===== Information given =====

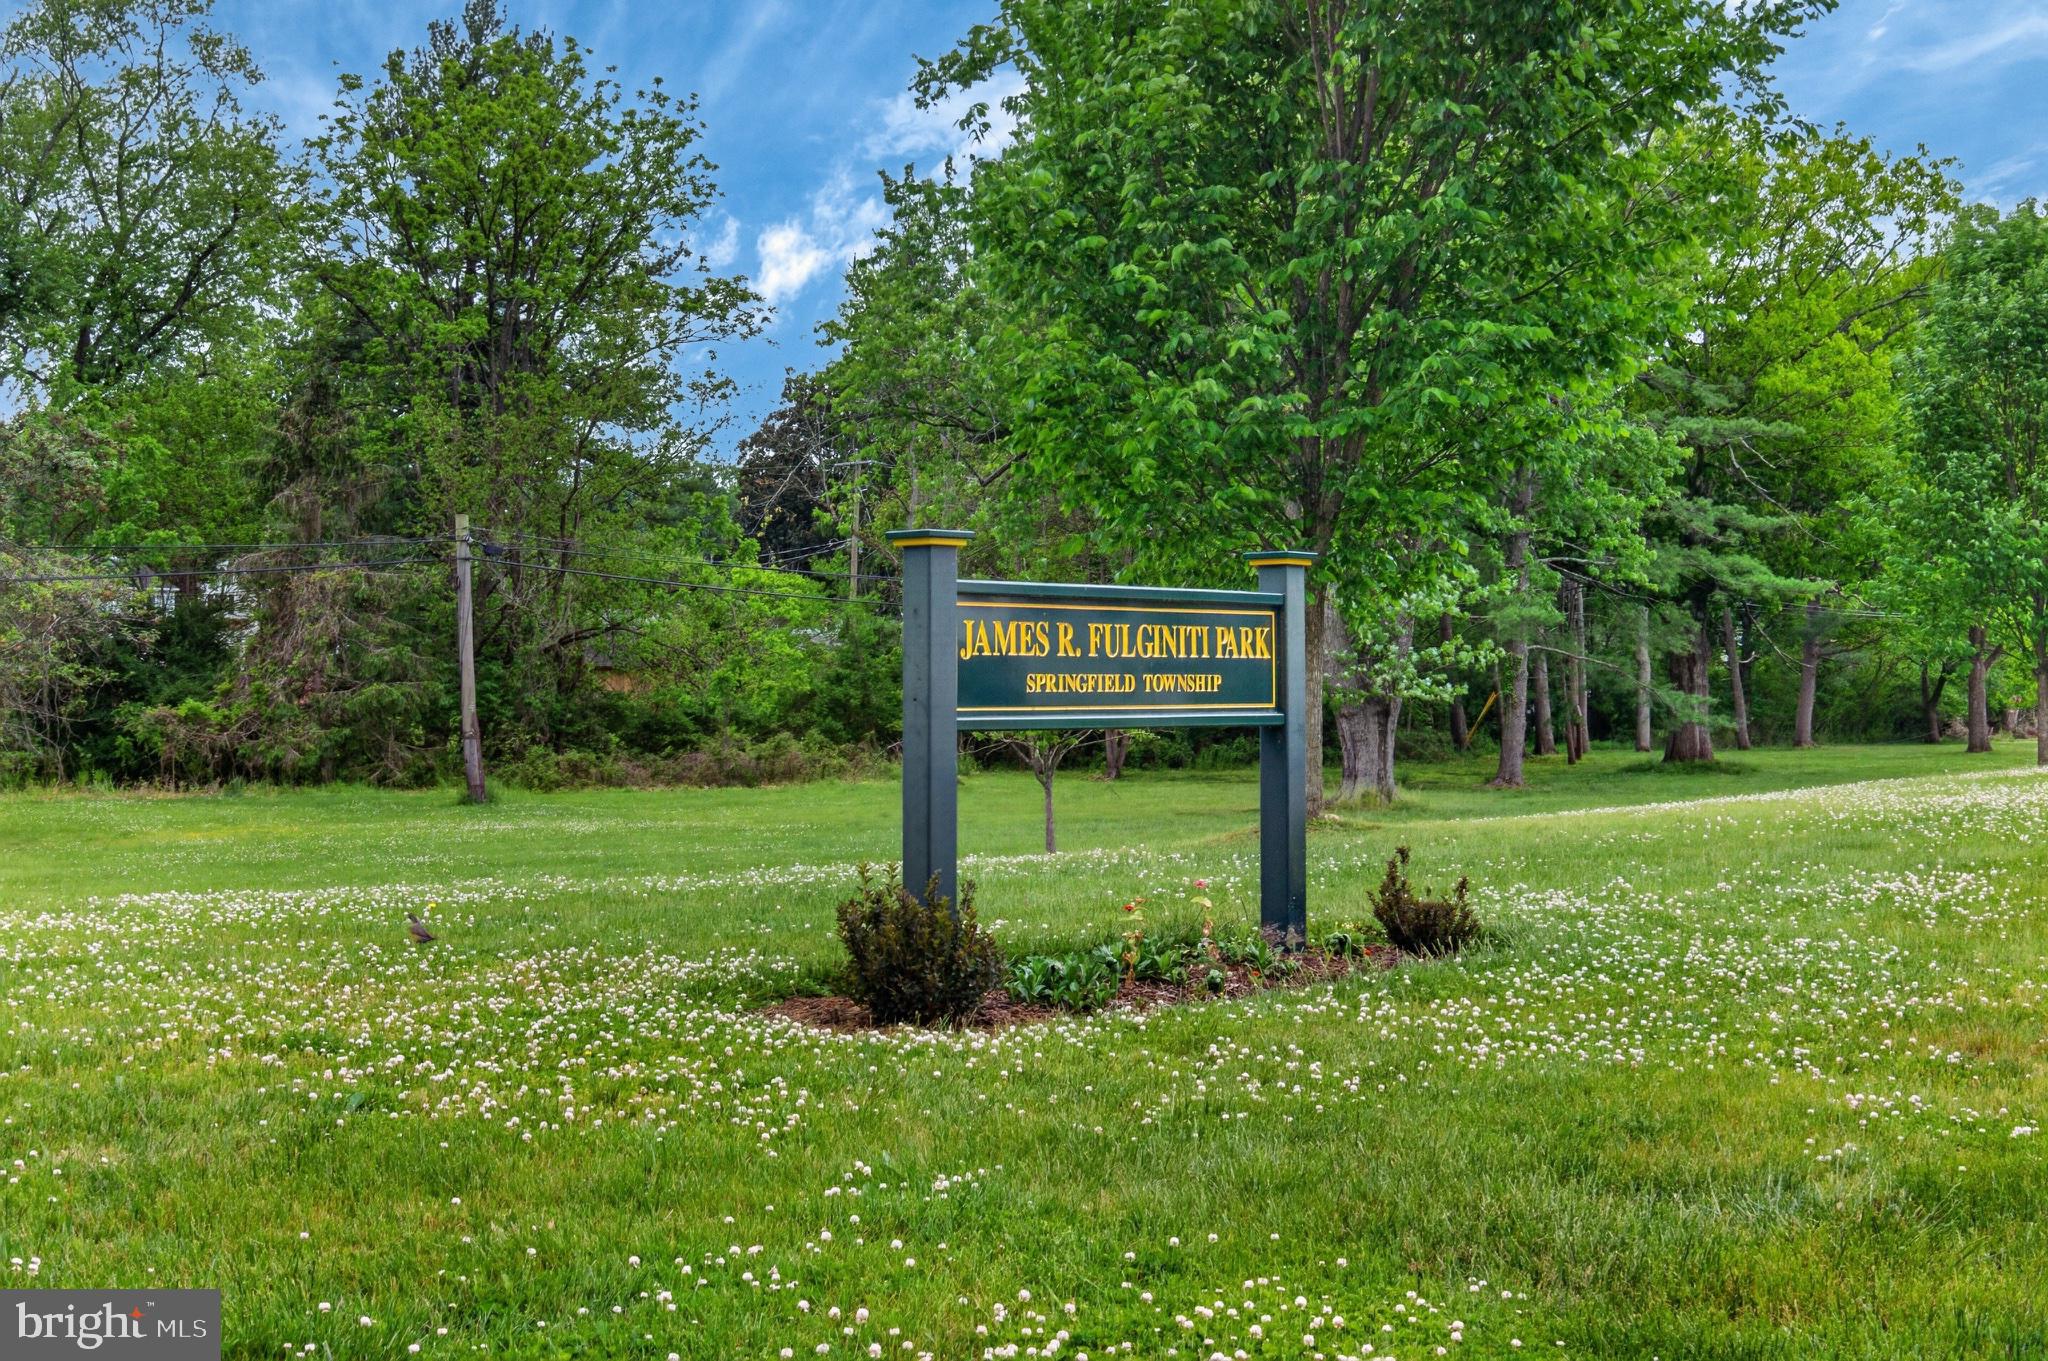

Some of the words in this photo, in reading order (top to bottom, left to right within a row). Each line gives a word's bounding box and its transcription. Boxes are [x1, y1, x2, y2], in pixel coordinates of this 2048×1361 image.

[960, 619, 1050, 660] JAMES
[1056, 621, 1081, 658] R.
[1087, 622, 1212, 659] FULGINITI
[1215, 626, 1271, 660] PARK
[1026, 673, 1136, 693] SPRINGFIELD
[1142, 673, 1222, 693] TOWNSHIP

=====

Task brief :: Repeat the records word for word. Leave out whatever pictures they hold.

Response below ::
Some of the words in this photo, in reading order (top to bottom, left to right within a row). Each line gives a word's bounding box and its transcription. Boxes are [x1, y1, x2, y2], in pixel coordinates of this 2048×1361 image.

[960, 619, 1050, 660] JAMES
[1056, 621, 1081, 658] R.
[1087, 622, 1212, 659] FULGINITI
[1215, 626, 1271, 660] PARK
[1026, 673, 1136, 693] SPRINGFIELD
[1142, 673, 1222, 693] TOWNSHIP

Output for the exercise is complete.